The copy you produce must hold every record exactly, and none of the images.
RECORDS TO USE section start
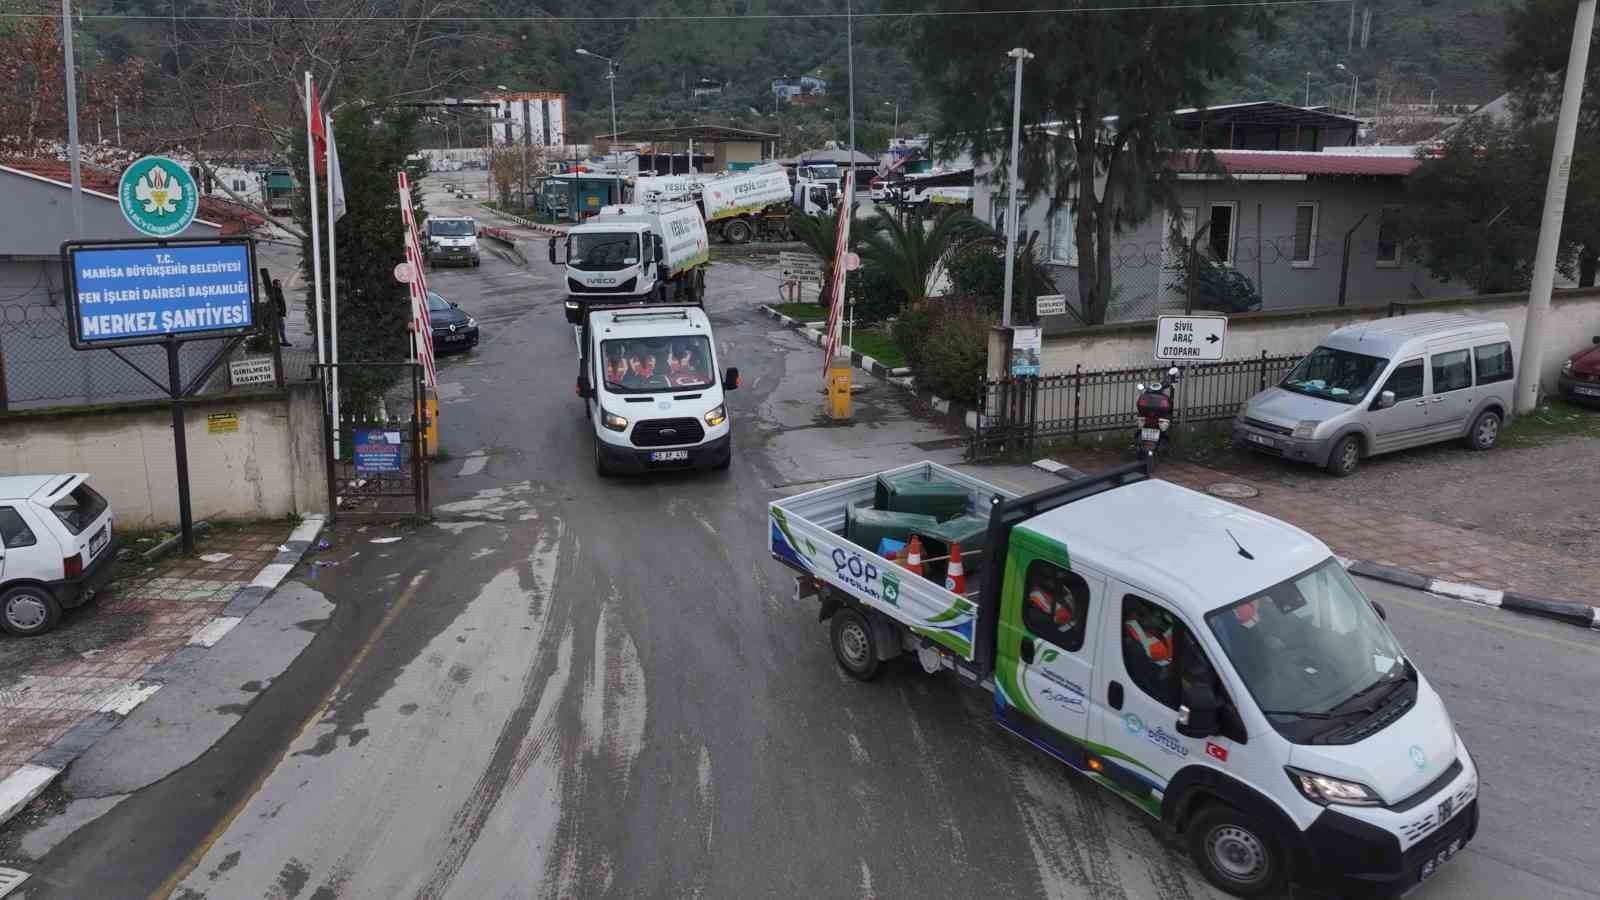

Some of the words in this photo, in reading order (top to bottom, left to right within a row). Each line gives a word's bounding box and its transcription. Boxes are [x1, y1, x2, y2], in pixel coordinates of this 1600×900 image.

[155, 254, 174, 264] T.C.
[82, 266, 125, 280] MANİSA
[126, 262, 189, 278] BÜYÜKŞEHİR
[190, 260, 241, 275] BELEDİYESİ
[78, 292, 101, 304] FEN
[103, 288, 141, 304] İŞLERİ
[143, 284, 186, 300] DAİRESİ
[188, 280, 248, 298] BAŞKANLIĞI
[82, 311, 158, 337] MERKEZ
[161, 300, 248, 333] ŞANTİYESİ
[1174, 320, 1194, 332] SİVİL
[1172, 333, 1193, 345] ARAÇ
[1163, 346, 1201, 357] OTOPARKI
[832, 548, 878, 583] ÇÖP
RECORDS TO USE section end
RESPONSE AREA
Some of the words in this photo, in reading order (top to bottom, left to right within a row). Each line gives a word's bounding box and its transcription. Boxes are [x1, y1, x2, y2], in pixel coordinates of this 1600×900 image.

[155, 254, 174, 264] T.C.
[82, 266, 125, 280] MANİSA
[126, 262, 189, 278] BÜYÜKŞEHİR
[190, 260, 241, 275] BELEDİYESİ
[78, 292, 101, 304] FEN
[103, 288, 141, 304] İŞLERİ
[143, 284, 186, 300] DAİRESİ
[188, 280, 248, 298] BAŞKANLIĞI
[82, 311, 158, 337] MERKEZ
[161, 300, 248, 333] ŞANTİYESİ
[1174, 320, 1194, 332] SİVİL
[1172, 333, 1193, 345] ARAÇ
[1163, 346, 1201, 357] OTOPARKI
[832, 548, 878, 583] ÇÖP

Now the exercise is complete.